Work required:
From the first line to the last, return the data exactly as written.

Dataset:
BEGIN
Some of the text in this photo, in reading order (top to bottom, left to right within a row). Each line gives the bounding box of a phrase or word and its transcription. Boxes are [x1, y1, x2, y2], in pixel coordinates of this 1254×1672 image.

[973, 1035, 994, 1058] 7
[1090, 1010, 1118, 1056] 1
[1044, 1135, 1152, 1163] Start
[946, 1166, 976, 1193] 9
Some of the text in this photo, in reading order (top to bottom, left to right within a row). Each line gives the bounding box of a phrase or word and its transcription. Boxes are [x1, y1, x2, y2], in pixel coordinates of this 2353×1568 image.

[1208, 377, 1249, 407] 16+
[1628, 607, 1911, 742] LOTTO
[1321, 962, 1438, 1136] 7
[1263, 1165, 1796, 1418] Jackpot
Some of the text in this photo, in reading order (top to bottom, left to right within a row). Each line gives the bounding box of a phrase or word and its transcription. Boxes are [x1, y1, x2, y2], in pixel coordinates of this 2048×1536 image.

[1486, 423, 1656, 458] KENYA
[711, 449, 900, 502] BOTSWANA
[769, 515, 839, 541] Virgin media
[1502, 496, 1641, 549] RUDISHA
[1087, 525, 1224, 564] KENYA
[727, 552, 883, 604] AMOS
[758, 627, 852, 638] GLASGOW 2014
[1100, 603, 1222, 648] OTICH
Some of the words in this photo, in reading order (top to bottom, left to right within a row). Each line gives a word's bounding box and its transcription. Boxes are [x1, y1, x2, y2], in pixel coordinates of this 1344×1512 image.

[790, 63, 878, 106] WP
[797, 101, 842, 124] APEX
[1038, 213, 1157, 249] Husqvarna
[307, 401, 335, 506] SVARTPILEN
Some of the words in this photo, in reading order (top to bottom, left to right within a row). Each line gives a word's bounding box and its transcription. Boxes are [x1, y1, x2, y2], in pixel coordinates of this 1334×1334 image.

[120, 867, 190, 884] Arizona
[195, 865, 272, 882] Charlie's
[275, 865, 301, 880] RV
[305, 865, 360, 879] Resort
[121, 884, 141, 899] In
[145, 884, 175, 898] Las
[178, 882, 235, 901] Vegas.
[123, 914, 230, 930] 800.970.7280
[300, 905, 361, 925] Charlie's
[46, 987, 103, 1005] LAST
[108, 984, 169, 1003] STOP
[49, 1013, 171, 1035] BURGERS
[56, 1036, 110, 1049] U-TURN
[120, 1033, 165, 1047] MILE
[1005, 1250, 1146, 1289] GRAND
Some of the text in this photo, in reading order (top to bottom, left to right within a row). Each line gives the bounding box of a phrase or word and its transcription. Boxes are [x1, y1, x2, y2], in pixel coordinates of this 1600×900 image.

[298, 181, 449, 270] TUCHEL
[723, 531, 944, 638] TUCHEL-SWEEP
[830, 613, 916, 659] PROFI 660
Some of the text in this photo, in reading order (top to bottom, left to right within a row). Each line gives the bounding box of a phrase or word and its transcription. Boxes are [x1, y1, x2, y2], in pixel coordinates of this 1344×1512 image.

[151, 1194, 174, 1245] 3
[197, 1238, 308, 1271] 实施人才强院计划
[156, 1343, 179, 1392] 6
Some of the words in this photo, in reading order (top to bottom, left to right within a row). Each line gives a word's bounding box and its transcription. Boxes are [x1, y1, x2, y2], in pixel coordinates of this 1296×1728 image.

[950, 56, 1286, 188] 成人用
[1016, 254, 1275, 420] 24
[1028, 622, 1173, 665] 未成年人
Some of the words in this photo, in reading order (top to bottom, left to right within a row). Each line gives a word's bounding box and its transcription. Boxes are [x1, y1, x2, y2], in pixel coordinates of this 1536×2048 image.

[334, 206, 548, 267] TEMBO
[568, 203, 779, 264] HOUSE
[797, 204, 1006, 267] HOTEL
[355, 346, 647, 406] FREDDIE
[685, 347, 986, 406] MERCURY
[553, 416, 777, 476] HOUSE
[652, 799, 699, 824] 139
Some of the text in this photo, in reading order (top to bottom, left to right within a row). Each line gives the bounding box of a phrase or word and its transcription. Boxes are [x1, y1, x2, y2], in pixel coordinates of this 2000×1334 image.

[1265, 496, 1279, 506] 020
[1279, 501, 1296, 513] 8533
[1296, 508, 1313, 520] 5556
END
Result of this exercise:
Some of the text in this photo, in reading order (top to bottom, left to right within a row). Each line gives the bounding box of a phrase or word and its transcription. Boxes are [x1, y1, x2, y2], in pixel coordinates of this 1254×1672 image.

[973, 1035, 994, 1058] 7
[1090, 1010, 1118, 1056] 1
[1044, 1135, 1152, 1163] Start
[946, 1166, 976, 1193] 9
Some of the text in this photo, in reading order (top to bottom, left to right within a row). Each line gives the bounding box of a phrase or word and its transcription. Boxes are [x1, y1, x2, y2], in pixel coordinates of this 2353×1568 image.

[1208, 377, 1249, 407] 16+
[1628, 607, 1911, 742] LOTTO
[1321, 962, 1438, 1136] 7
[1263, 1165, 1796, 1418] Jackpot
Some of the text in this photo, in reading order (top to bottom, left to right within a row). Each line gives the bounding box of a phrase or word and its transcription. Boxes are [x1, y1, x2, y2], in pixel coordinates of this 2048×1536 image.

[1486, 423, 1656, 458] KENYA
[711, 449, 900, 502] BOTSWANA
[769, 515, 839, 541] Virgin media
[1502, 496, 1641, 549] RUDISHA
[1087, 525, 1224, 564] KENYA
[727, 552, 883, 604] AMOS
[758, 627, 852, 638] GLASGOW 2014
[1100, 603, 1222, 648] OTICH
Some of the words in this photo, in reading order (top to bottom, left to right within a row). Each line gives a word's bounding box and its transcription. Boxes are [x1, y1, x2, y2], in pixel coordinates of this 1344×1512 image.

[790, 63, 878, 106] WP
[797, 101, 842, 124] APEX
[1038, 213, 1157, 249] Husqvarna
[307, 401, 335, 506] SVARTPILEN
Some of the words in this photo, in reading order (top to bottom, left to right within a row). Each line gives a word's bounding box and its transcription. Boxes are [x1, y1, x2, y2], in pixel coordinates of this 1334×1334 image.

[120, 867, 190, 884] Arizona
[195, 865, 272, 882] Charlie's
[275, 865, 301, 880] RV
[305, 865, 360, 879] Resort
[121, 884, 141, 899] In
[145, 884, 175, 898] Las
[178, 882, 235, 901] Vegas.
[123, 914, 230, 930] 800.970.7280
[300, 905, 361, 925] Charlie's
[46, 987, 103, 1005] LAST
[108, 984, 169, 1003] STOP
[49, 1013, 171, 1035] BURGERS
[56, 1036, 110, 1049] U-TURN
[120, 1033, 165, 1047] MILE
[1005, 1250, 1146, 1289] GRAND
Some of the text in this photo, in reading order (top to bottom, left to right within a row). Each line gives the bounding box of a phrase or word and its transcription. Boxes are [x1, y1, x2, y2], in pixel coordinates of this 1600×900 image.

[298, 181, 449, 270] TUCHEL
[723, 531, 944, 638] TUCHEL-SWEEP
[830, 613, 916, 659] PROFI 660
Some of the text in this photo, in reading order (top to bottom, left to right within a row). Each line gives the bounding box of a phrase or word and its transcription. Boxes are [x1, y1, x2, y2], in pixel coordinates of this 1344×1512 image.

[151, 1194, 174, 1245] 3
[197, 1238, 308, 1271] 实施人才强院计划
[156, 1343, 179, 1392] 6
Some of the words in this photo, in reading order (top to bottom, left to right within a row). Each line gives a word's bounding box and its transcription. Boxes are [x1, y1, x2, y2], in pixel coordinates of this 1296×1728 image.

[950, 56, 1286, 188] 成人用
[1016, 254, 1275, 420] 24
[1028, 622, 1173, 665] 未成年人
Some of the words in this photo, in reading order (top to bottom, left to right within a row). Each line gives a word's bounding box and its transcription. Boxes are [x1, y1, x2, y2], in pixel coordinates of this 1536×2048 image.

[334, 206, 548, 267] TEMBO
[568, 203, 779, 264] HOUSE
[797, 204, 1006, 267] HOTEL
[355, 346, 647, 406] FREDDIE
[685, 347, 986, 406] MERCURY
[553, 416, 777, 476] HOUSE
[652, 799, 699, 824] 139
Some of the text in this photo, in reading order (top to bottom, left to right within a row). Each line gives the bounding box of a phrase or word and its transcription. Boxes are [x1, y1, x2, y2], in pixel coordinates of this 2000×1334 image.

[1265, 496, 1279, 506] 020
[1279, 501, 1296, 513] 8533
[1296, 508, 1313, 520] 5556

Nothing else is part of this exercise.